Çatıda yaklaşık bir saat oturarak ikimiz de temiz hava aldık. Saate baktığımda aşağı inmemiz gerektiğini fark ettim çünkü Sıla'nın kontrol zamanı gelmişti.

"Odaya dönmemiz gerek."

"Tamam ama yarın yine çıkalım." Diyerek ayağa kalkmaya çalıştı. Yine destek olarak beline sarıldım ama konuştuklarımızdan sonra ikimiz de elektrik çarpmış gibi geri çekildik. Kafamdaki düşünceleri bir kenara bırakıp tekrar elimi beline koydum.

"Son dört gündür hayatımın en güzel günlerini yaşıyorum sanırım." Dedi Sıla yürürken. "İlay teşekkür ederim yanımda olduğun için."

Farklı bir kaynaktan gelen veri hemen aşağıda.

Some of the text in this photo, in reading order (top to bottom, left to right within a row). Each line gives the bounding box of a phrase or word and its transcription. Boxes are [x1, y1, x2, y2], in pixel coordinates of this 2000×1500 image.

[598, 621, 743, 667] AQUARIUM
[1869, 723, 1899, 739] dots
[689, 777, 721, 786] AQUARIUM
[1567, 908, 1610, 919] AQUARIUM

"Bunun için teşekkür etmene gerek yok. Sana değer veriyorum Sıla. Benim ağzımdan çıkması pek inandırıcı olmuyor belki ama seviyorum seni. Kendi çapımda."

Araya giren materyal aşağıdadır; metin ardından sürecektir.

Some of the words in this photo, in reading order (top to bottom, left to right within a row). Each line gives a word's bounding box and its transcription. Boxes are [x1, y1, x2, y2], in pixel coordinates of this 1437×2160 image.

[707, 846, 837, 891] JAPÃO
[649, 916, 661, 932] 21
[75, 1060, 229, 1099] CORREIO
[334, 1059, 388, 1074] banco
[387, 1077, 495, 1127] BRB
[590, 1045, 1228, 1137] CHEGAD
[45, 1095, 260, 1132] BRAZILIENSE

"Biliyorum." Diyerek beni durdurdu. Odaya yaklaşmıştık. "Sana demiştim, bana seviyorum demene gerek yok gözlerimin içine bak yeter diye. Ve sen son zamanlarda öyle güzel bakıyorsun ki kendimi kaybediyorum ben o bakışlarda. Tek isteğim bana öyle bakmaya devam etmen. Bana sevgini anlatmak için kelimeleri kullanmana gerek yok. Kendini zorlamana gerek yok. Ben görüyorum seni." Diyerek yaklaştı ve çenemden öptü. Tamamen bilinçliydi ve utanmamıştı. Gülümsüyordu. Bu onun için büyük bir adımdı. Boynumdan çeneme çıkmıştı sıradaki durak sanırım dudaklarımdı. Onun da sırası gelecekti.

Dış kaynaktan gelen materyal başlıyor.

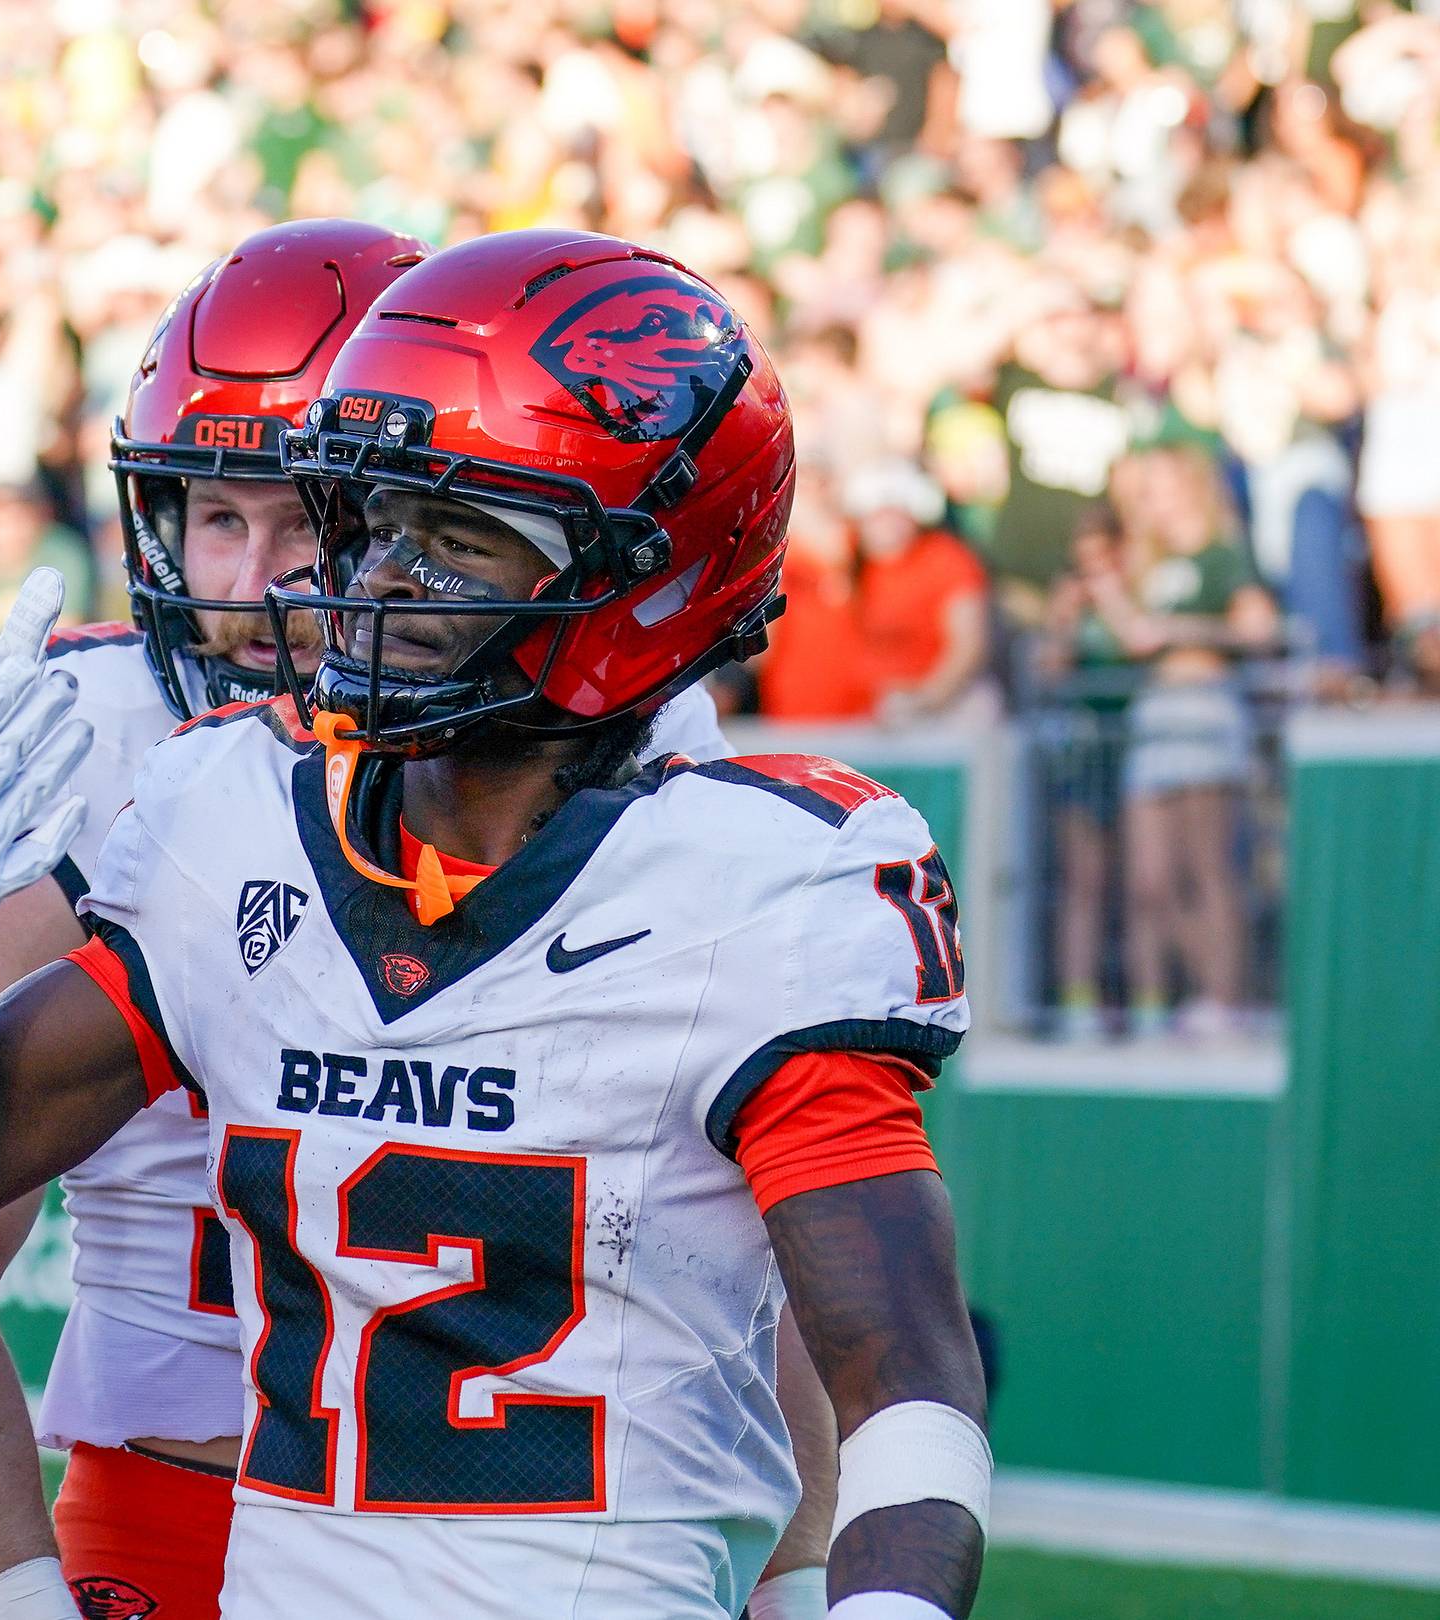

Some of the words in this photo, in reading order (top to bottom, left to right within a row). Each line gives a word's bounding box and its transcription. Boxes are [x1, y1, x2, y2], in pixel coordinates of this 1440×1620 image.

[339, 396, 383, 422] OSU
[195, 419, 264, 449] OSU
[410, 557, 463, 593] Kid!!
[230, 682, 276, 703] Ridd
[237, 880, 309, 942] PAC
[874, 844, 965, 1004] 12
[246, 940, 266, 960] 12
[277, 1048, 516, 1132] BEAVS
[217, 1123, 606, 1514] 12
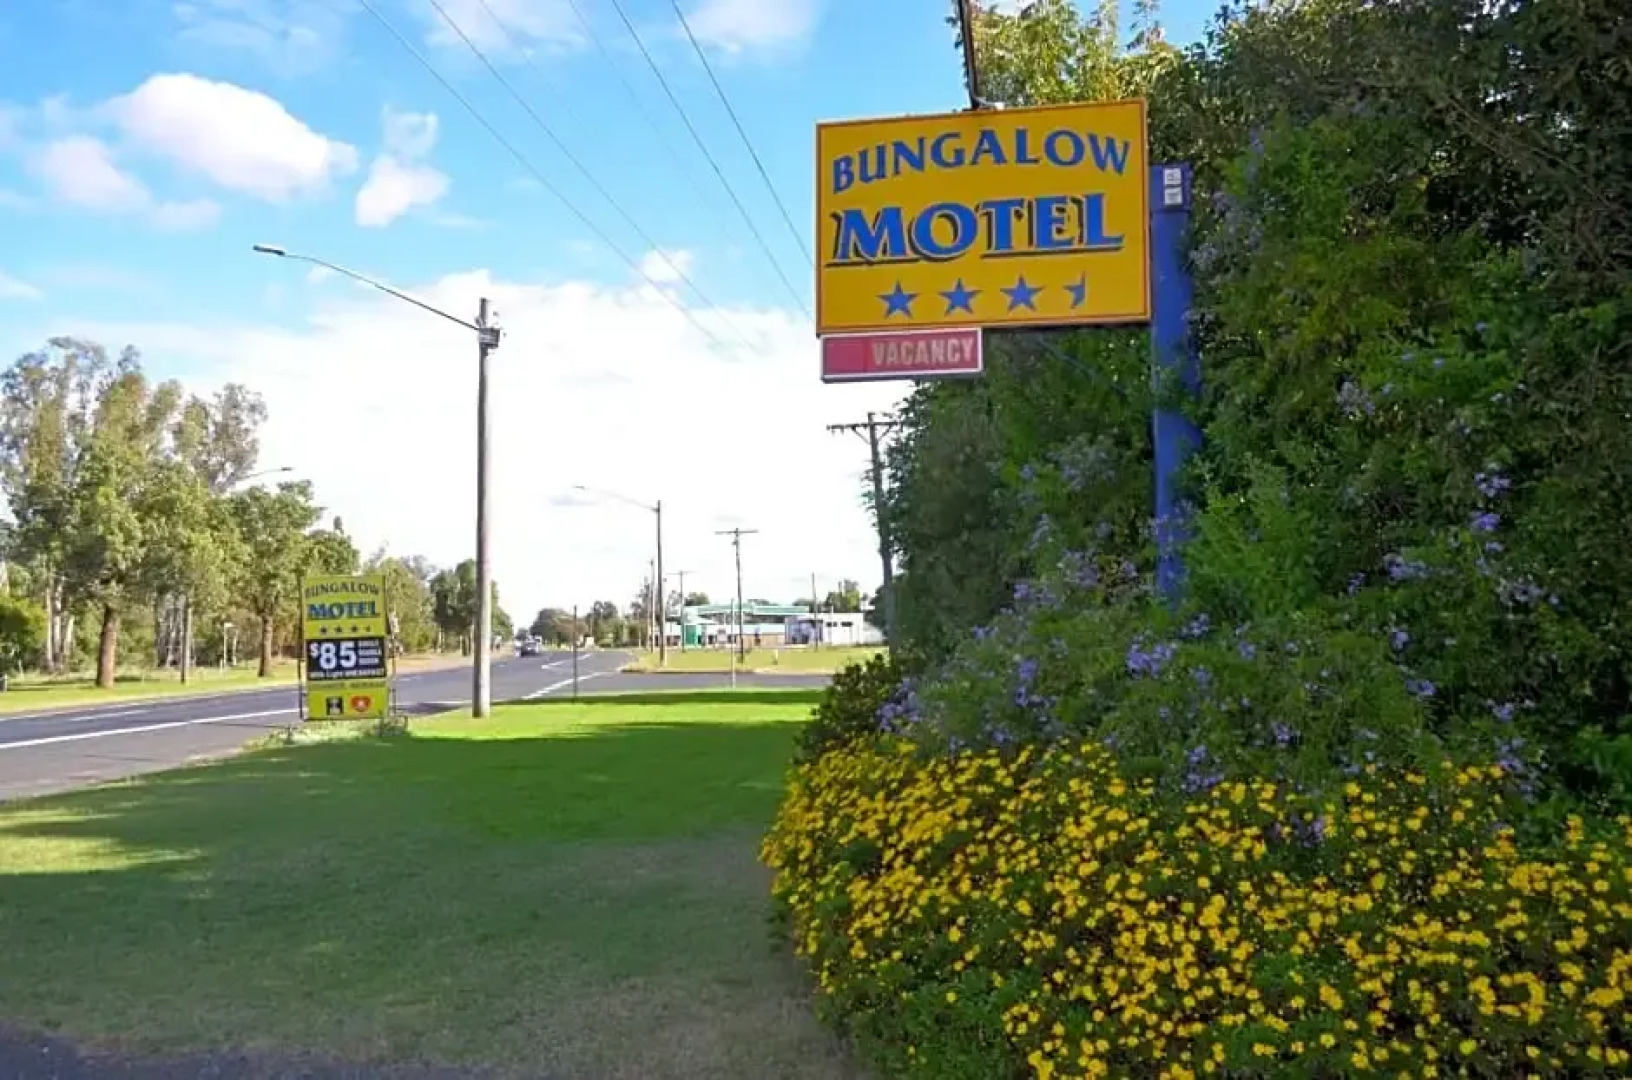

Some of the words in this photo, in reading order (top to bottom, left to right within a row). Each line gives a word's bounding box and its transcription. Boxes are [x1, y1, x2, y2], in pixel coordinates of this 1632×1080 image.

[832, 128, 1130, 194] BUNGALOW
[827, 193, 1124, 265] MOTEL
[871, 336, 975, 367] VACANCY
[307, 601, 378, 619] MOTEL
[309, 641, 357, 669] $85

"Hadi odaya girelim. Birazdan doktor gelir."

"Doğukan Bey'e hala doktor mu diyorsun?"

"E doktor?" dedim kendimi haklı çıkarmaya çalışarak. Sesli bir şekilde güldüğünde bana yaptığının aynısını yaptım. Gülüşünden öptüm.

"Şimdi de ben öptüm." Diye fısıldadım kulağına doğru. "Gülüşünden."